Nemmeno il tempo di festeggiare la prima vittoria nel WorldTour che Andrea Bagioli è stato fermato dall’influenza. Un inizio di stagione complicato per il corridore della Quick Step-Alpha Vinyl che, dopo aver superato il Covid, è stato costretto a fermarsi nuovamente.
«Dopo la Vuelta a Catalunya – racconta Bagioli – siamo partiti subito per Sierra Nevada per fare un ritiro in altura prima delle Ardenne. Tutto ad un tratto nella notte di martedì ho iniziato a sentirmi male e mercoledì sono tornato a casa. Ora sto un po’ meglio, ma dovrò restare fermo almeno fino a domenica. Ho fatto anche tre tamponi, tutti negativi, almeno sono sicuro che non si tratta ancora di Covid».
Partiamo dalla Vuelta a Catalunya e dalla prima vittoria WorldTour, raccontaci com’è andata.
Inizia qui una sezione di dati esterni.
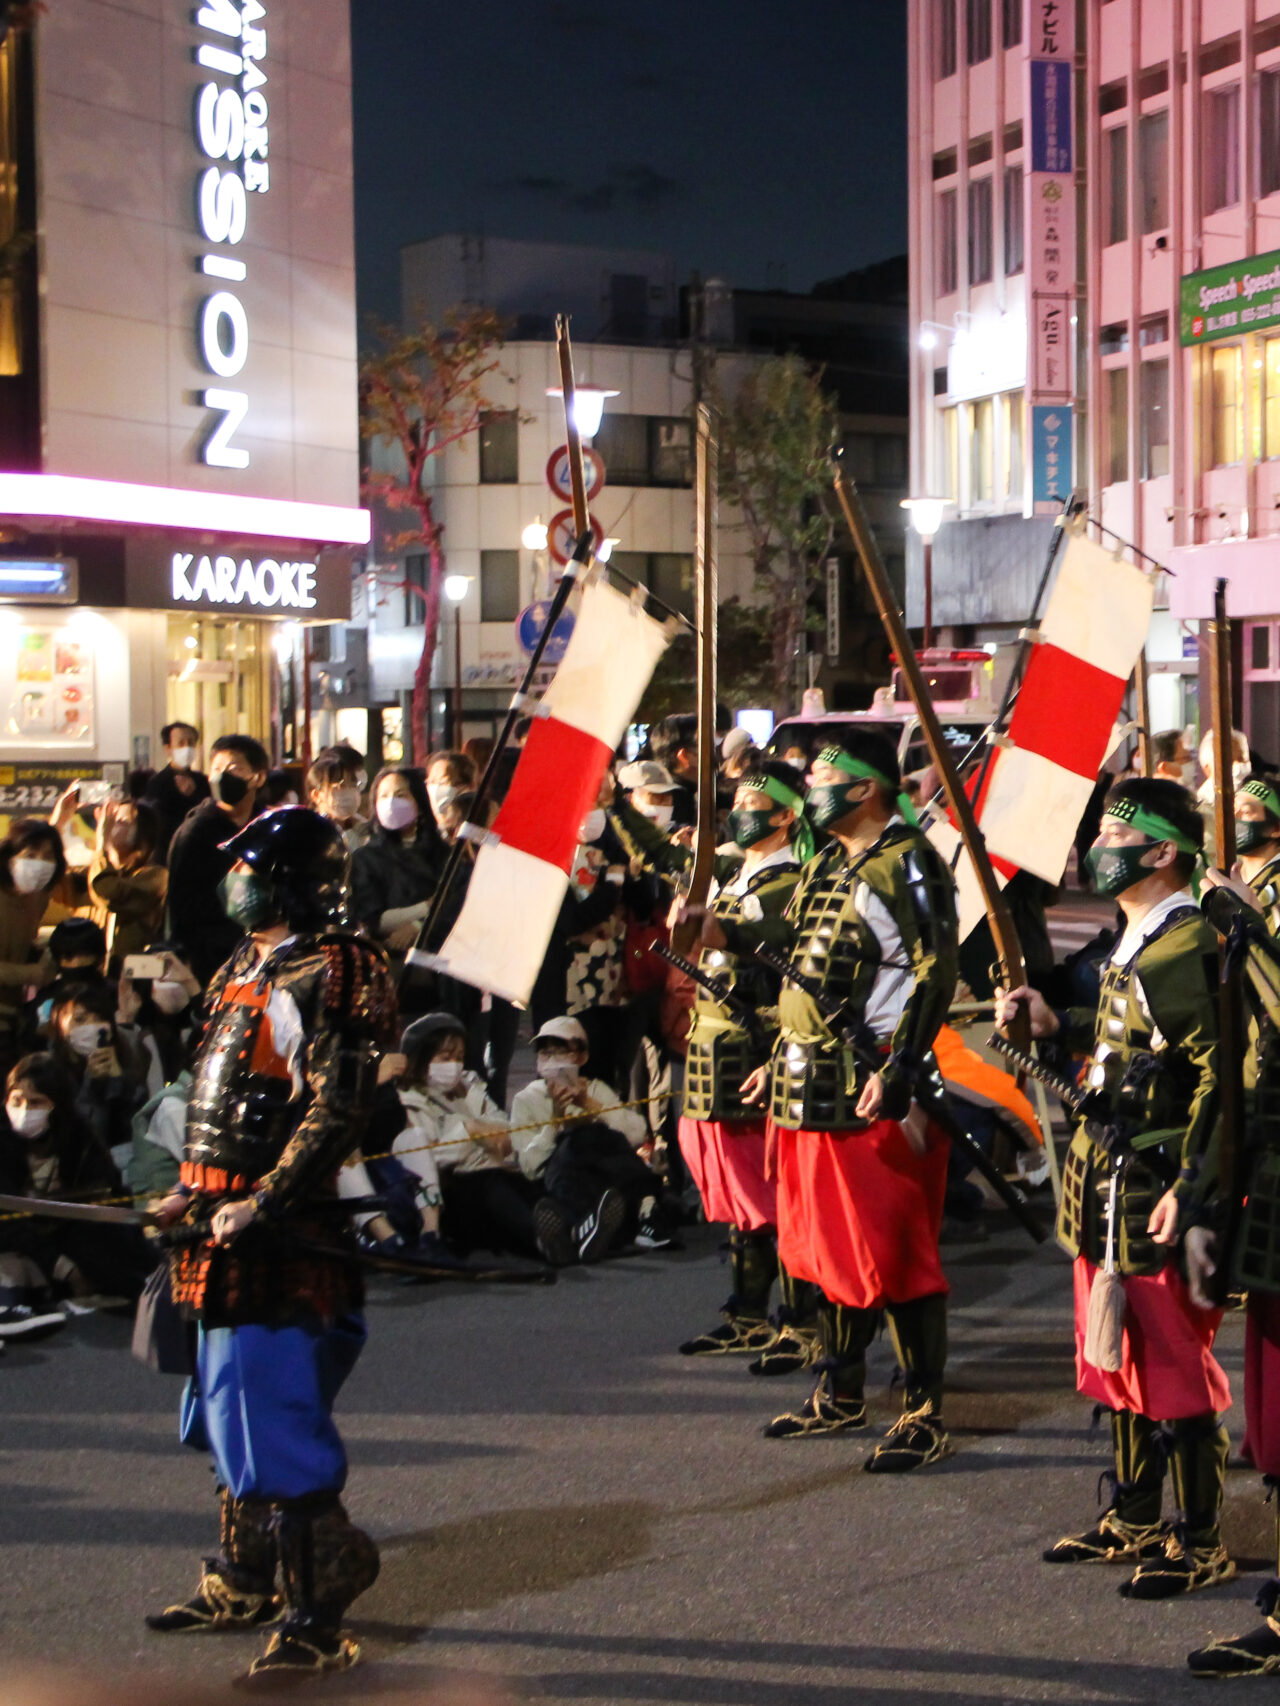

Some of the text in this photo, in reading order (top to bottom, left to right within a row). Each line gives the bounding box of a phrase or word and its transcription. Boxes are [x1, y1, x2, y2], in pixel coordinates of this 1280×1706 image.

[241, 0, 270, 193] ARAOKE
[1199, 277, 1238, 312] Speech
[173, 553, 317, 608] KARAOKE
Prima di partire per la Spagna avevo visto che la prima e l’ultima tappa erano adatte alle mie caratteristiche. Diciamo che mi ero segnato quelle tappe per provare a fare bene, anche se proprio nell’ultima tappa un po’ di sfortuna non è mancata…
In che senso?
Pronti via e dopo 10 chilometri ho forato, non un bel momento anche perché non era ancora partita la fuga ed è successo ai piedi della prima salita. Per rientrare ho fatto fatica doppia. Però ero molto motivato, ero partito con l’idea e con la voglia di vincere.
Previsione rispettata.
Direi proprio di sì, sono molto contento, ci voleva proprio. E’ stato un periodo complicato, tra il Covid e qualche caduta di troppo, era il momento di riprendermi tutto e con gli interessi. A dire il vero quando ho tagliato il traguardo non sapevo neanche di aver vinto.
Come mai?
Nell’ultimo strappo ero rimasto nel gruppetto dietro e siamo rientrati solamente ad un chilometro dall’arrivo. Infatti non ero sicuro di sprintare per la vittoria, poi appena tagliato il traguardo mi hanno avvisato dalla radio che avevo vinto.
Che emozione è stata?
Bellissima. Salire sul podio, festeggiare. Anche se abbiamo avuto poco tempo perché la sera abbiamo subito preso l’aereo per Sierra Nevada.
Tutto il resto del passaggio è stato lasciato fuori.